You should have specified Drywall touch-ups at 1 year in your initial contract. You should not paint any final colors until that year is up. 

That being said, drywall and final wall finishes are a HUGE money sink for the Builder. One person's Level 5 Finish is another's Level 3. We used to call it "Looking for fly s**t on the wall". Your Builder will be very reluctant to address these issues. 

My suggestion if you are very unhappy with the work is walk through the home with the Builder with a flashlight and identify every blemish. If he'll agree, have him through one time and then be done. 

Think of the walls after your movers have carried all of your furniture into the home and then decide how precise you want the work to be. As a homeowner and spouse of a Type A(nal) :wink: personality, I can assure that walls are a never ending adventure.


----------



## Bud Cline (Mar 12, 2006)

Heather before you totally castrate your drywall finisher here's what I see is contributing to your problems.

1. If a ceiling is "over-spanned" and has no "expansion joints" _*that*_ is not the fault of the drywall finisher. Why did this builder allow this to happen and where was the architect in all of this?

2. If you have built a "glass-walled-room" (facing south) and don't expect expansion/contraction issues (wow), I would question the wisdom of the builder for not addressing the potential problems from the git-go and not automatically fixing the problems without hesitation. Again, expansion/contraction issues due to heat concentrations from the sun. Also expect issue with the floors and expect to change the carpet frequently due to fading.

3. Where are the building inspectors in your area? Were the plans approved? Was the build according to plans? Was the framing/spanning inspected and approved? Is this this builders first house build?
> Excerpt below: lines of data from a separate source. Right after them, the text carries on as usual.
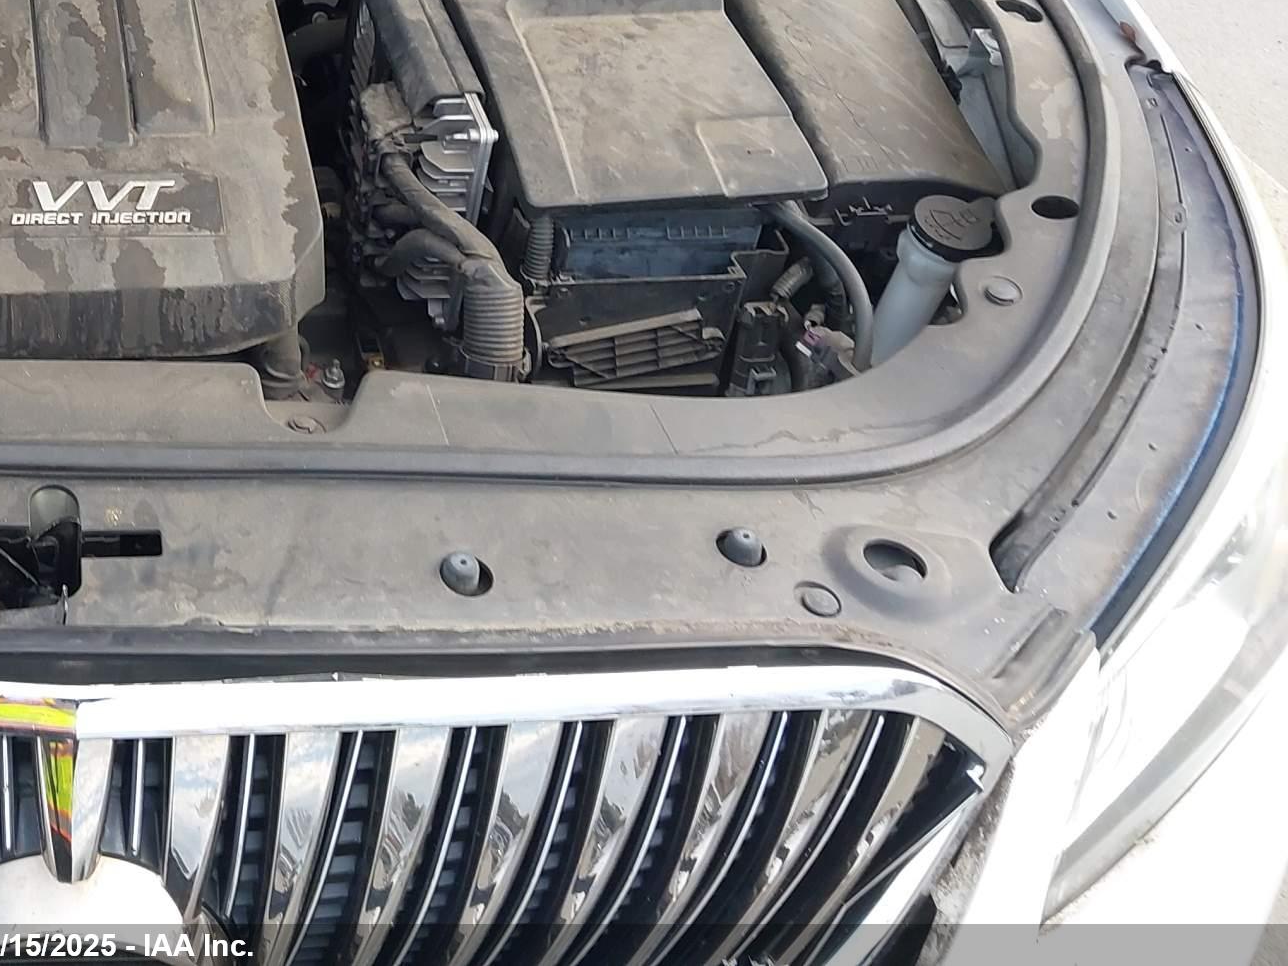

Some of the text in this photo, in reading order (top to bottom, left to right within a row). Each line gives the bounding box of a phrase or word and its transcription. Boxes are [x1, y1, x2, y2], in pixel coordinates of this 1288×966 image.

[32, 180, 176, 212] VVT
[11, 210, 191, 226] DIRECT INJECTION
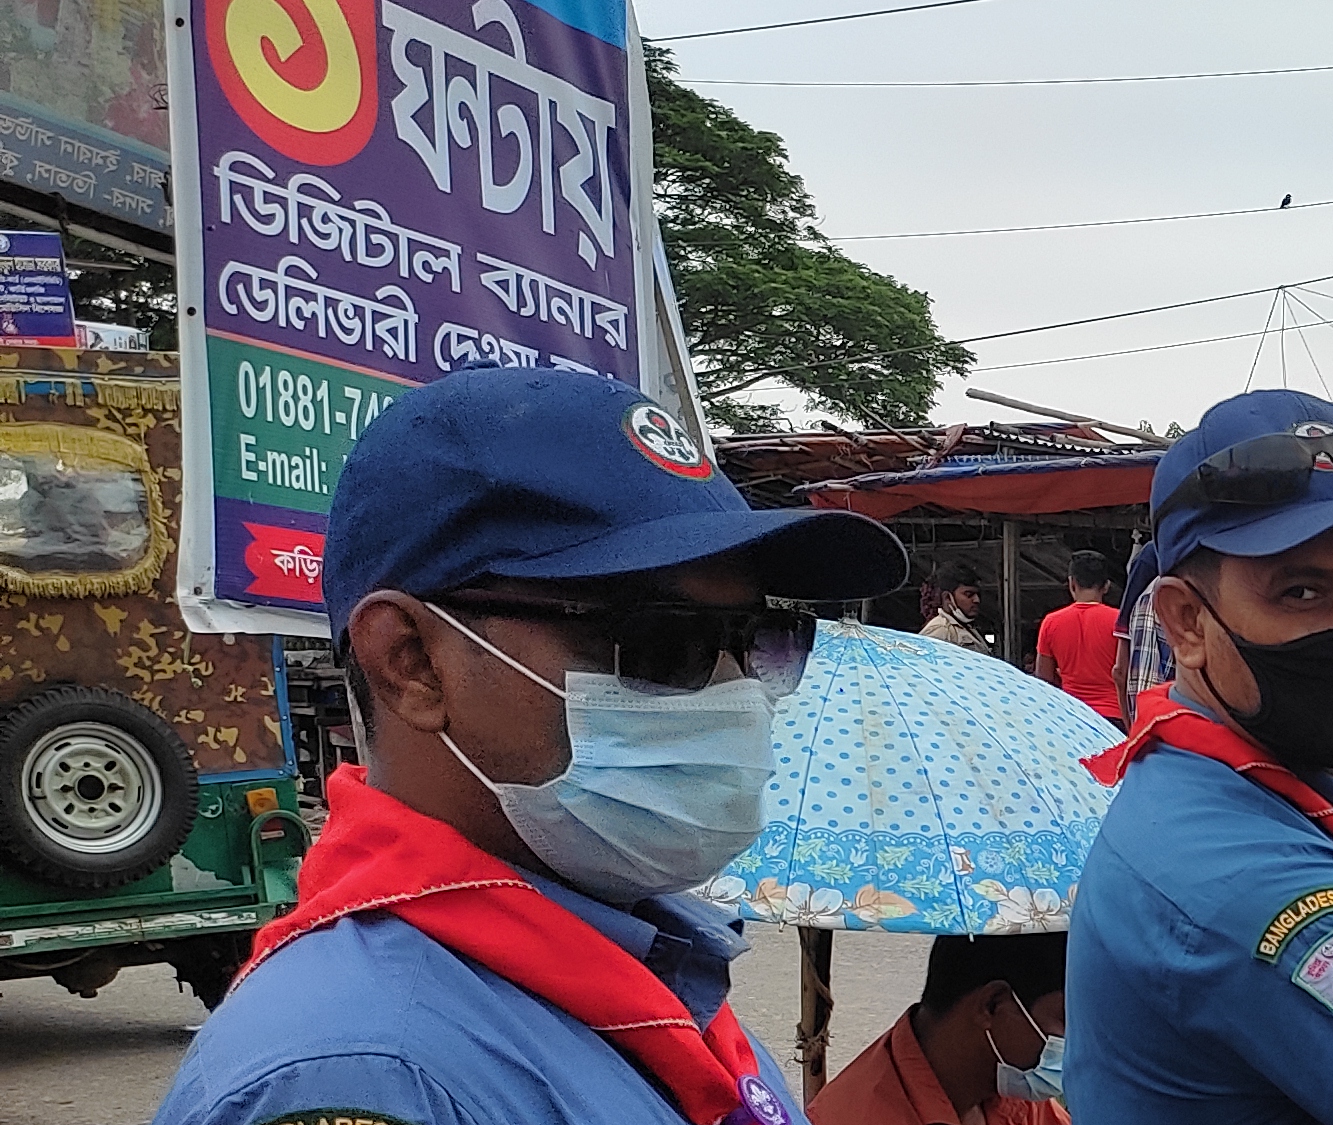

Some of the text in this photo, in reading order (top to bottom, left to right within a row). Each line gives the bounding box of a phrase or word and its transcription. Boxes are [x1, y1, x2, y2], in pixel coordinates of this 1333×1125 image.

[213, 151, 628, 351] ডিজিটাল ব্যানার
[218, 255, 419, 364] ডেলিভারী
[238, 361, 394, 441] 01881-74
[240, 433, 329, 495] E-mail:
[270, 544, 323, 584] কড়ি
4. Did you agree to the absolute lowest price you could get from a builder?


----------



## masterofall (May 27, 2010)

Im wondering if the long parallel cracks are four feet apart meaning no tape and just mud on the joints. Over span would be a code violation that should of been caught in the framing inspection or during the plan approval process. Is the ceiling sagging noticeably? Did the design include an overhang on the south side to keep the sun out in the summer (passive solar design) and reduce the cooling load.
Maybe bring in a qualified home inspector for analasys and bring in a reputable builder to remedy the problem then back bill the original builder.
Level 5 should be perfect. No tiger board (wave like ripples from manufacturing) nail pops, tape bubbles, pinholes in the mud or dents and scratches.
Good luck


----------



## masterofall (May 27, 2010)

for nail pops put a drywall screw just above or below it to ensure the board it tight to the framing members then hammer the head of the nail below the surface of the drywall and remud


----------



## Bud Cline (Mar 12, 2006)

> I'm wondering if the long parallel cracks are four feet apart meaning no tape and just mud on the joints.
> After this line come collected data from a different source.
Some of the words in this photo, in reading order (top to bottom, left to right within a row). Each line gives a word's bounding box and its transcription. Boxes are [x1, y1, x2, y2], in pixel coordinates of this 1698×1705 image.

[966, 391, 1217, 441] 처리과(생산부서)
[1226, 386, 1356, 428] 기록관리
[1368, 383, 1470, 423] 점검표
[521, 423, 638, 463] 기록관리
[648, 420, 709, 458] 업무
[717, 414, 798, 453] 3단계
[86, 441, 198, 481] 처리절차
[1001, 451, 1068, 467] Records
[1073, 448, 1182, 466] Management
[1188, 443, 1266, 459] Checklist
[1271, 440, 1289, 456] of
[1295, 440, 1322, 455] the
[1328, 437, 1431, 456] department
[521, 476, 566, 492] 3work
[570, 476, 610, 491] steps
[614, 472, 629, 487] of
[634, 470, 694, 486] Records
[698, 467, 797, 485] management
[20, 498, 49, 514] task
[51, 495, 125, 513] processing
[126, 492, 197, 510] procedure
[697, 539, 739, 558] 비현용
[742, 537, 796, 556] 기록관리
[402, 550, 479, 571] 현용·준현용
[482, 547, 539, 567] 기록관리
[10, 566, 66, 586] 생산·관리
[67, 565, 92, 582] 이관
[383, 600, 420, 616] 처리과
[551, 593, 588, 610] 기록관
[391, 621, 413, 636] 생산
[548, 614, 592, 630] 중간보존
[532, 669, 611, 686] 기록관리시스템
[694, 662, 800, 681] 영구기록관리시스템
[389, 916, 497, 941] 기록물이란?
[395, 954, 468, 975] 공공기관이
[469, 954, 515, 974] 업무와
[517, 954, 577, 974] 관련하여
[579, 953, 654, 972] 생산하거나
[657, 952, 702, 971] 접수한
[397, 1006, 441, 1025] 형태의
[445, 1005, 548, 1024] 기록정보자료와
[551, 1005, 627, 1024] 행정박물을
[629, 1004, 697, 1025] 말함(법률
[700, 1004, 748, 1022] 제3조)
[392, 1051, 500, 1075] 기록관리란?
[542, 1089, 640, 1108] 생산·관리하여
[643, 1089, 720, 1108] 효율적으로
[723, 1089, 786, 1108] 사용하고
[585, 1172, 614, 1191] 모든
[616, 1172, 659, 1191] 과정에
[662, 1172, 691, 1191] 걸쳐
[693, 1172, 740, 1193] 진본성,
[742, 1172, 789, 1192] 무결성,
That is of course a possibility, but for a pro finisher to try to pull-off that trick would be just plain stupid and wouldn't serve any one's purposes, even his.:no:

"Nails pops" are generally a sign of movement in the structure and in this case that is completely possible since the structure is already suspect.

I think I would employ an outside architect or engineer to appraise the situation. Someone that is totally separate from anyone that has already been involved. You may be headed for litigation if you pursue these issues.


----------